A comparison of Hash table implementations in D

Validity of pointer returned by "in" operator.

he D programming language (DPL) having the very convenient operator "in", which returns a pointer to a value. ( ValueType* val = key in AA; ) This is a useful function for detecting both the presence of a key, and being able to optionally copy from or access the original stored value as a pointer without copying. Ideally other implementations Associative Array (AA) and storage collections should not relocate previously stored data value returned by "in", since references to these may be held outside the table.

The builtin implementation of AA is immune to invalidating a pointer even after calling AA.remove(key), since the garbage collector (GC) will not delete the node until all node references have vanished. The "in" operator can be implemented by any class or struct type, and so the behaviour of alternate implementations is only limited by imagination. Other AA implementations may invalidate the value pointer. So careful coding should check the potential of other implementations for the transitory validity of the result of "in".

Immune AA implementations for "in" store both the key and its value in a memory block and store the pointer to this block, and leave the deletion of the block to be the work of the GC.

A non-immune AA implementation, for performance reasons, may store the memory directly in a the primary hash table, and the location may change.

Other features of AA implementations

The principle of Associative Arrays is to convert a key into a hash value as an index for a fast random access lookup into an array. All the implementations so far examined use a large primary table. The table entry index is calculated as hash % table.length. Table sizes are commonly selected from a table of prime numbers.
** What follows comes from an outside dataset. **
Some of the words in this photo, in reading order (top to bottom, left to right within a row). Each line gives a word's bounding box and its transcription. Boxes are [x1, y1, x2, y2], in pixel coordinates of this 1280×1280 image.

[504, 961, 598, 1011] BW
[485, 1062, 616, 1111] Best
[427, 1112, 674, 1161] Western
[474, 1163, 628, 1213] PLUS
This seems to allow better distribution of the table index calculation, as the hash values and table length never have a common factor.

The Java HashMap uses powers of 2, and so does the pyDict original in the dsource aa project. The Java HashMap also uses a simple bit randomizing rehash function on top of the key hash result, to ensure better randomisation of bits for not so good hash values. Having a prime number table size removes a requirement for a hash-rehash function.
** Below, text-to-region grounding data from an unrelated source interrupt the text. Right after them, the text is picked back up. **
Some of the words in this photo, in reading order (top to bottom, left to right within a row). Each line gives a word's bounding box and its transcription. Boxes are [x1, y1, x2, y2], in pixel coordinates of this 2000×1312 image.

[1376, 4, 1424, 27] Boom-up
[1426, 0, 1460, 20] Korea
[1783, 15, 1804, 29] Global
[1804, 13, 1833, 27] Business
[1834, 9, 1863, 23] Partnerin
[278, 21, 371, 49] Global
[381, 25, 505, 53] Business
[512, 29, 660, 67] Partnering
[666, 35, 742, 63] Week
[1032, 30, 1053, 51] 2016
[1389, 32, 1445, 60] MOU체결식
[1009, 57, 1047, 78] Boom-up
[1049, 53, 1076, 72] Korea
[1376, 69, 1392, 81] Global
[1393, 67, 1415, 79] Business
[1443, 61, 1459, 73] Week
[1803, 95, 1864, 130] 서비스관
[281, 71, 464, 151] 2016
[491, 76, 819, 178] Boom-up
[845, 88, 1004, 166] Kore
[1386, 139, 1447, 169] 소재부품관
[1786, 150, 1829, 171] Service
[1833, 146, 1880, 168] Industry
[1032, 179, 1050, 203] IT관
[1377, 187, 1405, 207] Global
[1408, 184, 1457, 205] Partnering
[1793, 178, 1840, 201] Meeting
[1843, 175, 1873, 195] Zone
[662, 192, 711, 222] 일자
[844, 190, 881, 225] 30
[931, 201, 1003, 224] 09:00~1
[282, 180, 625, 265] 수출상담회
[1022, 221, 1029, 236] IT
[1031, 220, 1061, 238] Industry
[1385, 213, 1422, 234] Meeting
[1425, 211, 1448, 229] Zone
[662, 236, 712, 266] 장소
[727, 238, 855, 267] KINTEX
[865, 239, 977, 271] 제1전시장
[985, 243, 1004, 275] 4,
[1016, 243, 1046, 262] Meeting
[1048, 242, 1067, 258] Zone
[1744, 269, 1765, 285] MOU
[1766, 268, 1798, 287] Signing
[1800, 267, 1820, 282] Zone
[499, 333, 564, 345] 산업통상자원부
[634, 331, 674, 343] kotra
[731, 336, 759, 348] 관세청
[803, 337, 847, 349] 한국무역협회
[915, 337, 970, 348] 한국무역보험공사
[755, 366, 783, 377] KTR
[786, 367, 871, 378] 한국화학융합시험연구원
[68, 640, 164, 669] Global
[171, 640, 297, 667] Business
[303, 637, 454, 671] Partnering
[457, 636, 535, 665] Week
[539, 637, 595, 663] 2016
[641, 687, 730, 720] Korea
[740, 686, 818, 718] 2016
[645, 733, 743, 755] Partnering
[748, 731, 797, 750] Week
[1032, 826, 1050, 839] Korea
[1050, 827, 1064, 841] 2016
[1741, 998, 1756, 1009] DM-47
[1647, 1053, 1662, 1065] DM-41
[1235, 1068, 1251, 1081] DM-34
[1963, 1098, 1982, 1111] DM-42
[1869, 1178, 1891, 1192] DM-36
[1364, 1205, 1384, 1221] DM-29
Implementations commonly define a Node data structure, which encapsulates the key, value association, and most often caches the hash value of the key as well.

If the primary table stores Node pointers, then the Node structure contains one or more pointers to itself.

If the primary table stores the Node data structure directly, the Node data is relocatable.

A hybrid storage model can embed Node data structure in directly in the table, and also chain pointers to Node structures to handle table index collisions.

Most implementations allow a loading ratio to be specified, and allow an initial capacity to be set, so as to avoid needless table resize and rehash. The DPL builtin AA does not have this facility, and instead grows by a factor of 4 each time the loading ratio is exceeded.

Comparison of implementations

AA implementations differ in how table index collisions are handled. This can be done using tree or list starting at the table entry (Chaining), or by looking for another empty table entry using a hash value dependent algorithm (Open addressing)

To quote from Wikipedia (Wikepedia Hash Collision) on hash collision, "The primary disadvantage of open addressing is primary and secondary clustering, in which searches may access long sequences of used buckets that contain items with different hash addresses; items with one hash address can thus lengthen searches for items with other hash addresses.".

The implementations using open addressing also have to specially mark table entries when their keys are removed, as having a special status of being formerly occupied, since the entry may be on the lookup path of one or more sequences of buckets for items with different hash addresses.

and also regarding the use of trees for the chaining..

"Instead of a list, one can use any other data structure that supports the required operations. By using a self-balancing tree, for example, the theoretical worst-case time of a hash table can be brought down to O(log n) rather than O(n). However, this approach is only worth the trouble and extra memory cost if long delays must be avoided at all costs (e.g. in a real-time application), or if one expects to have many entries hashed to the same slot (e.g. if one expects extremely non-uniform or even malicious key distributions)."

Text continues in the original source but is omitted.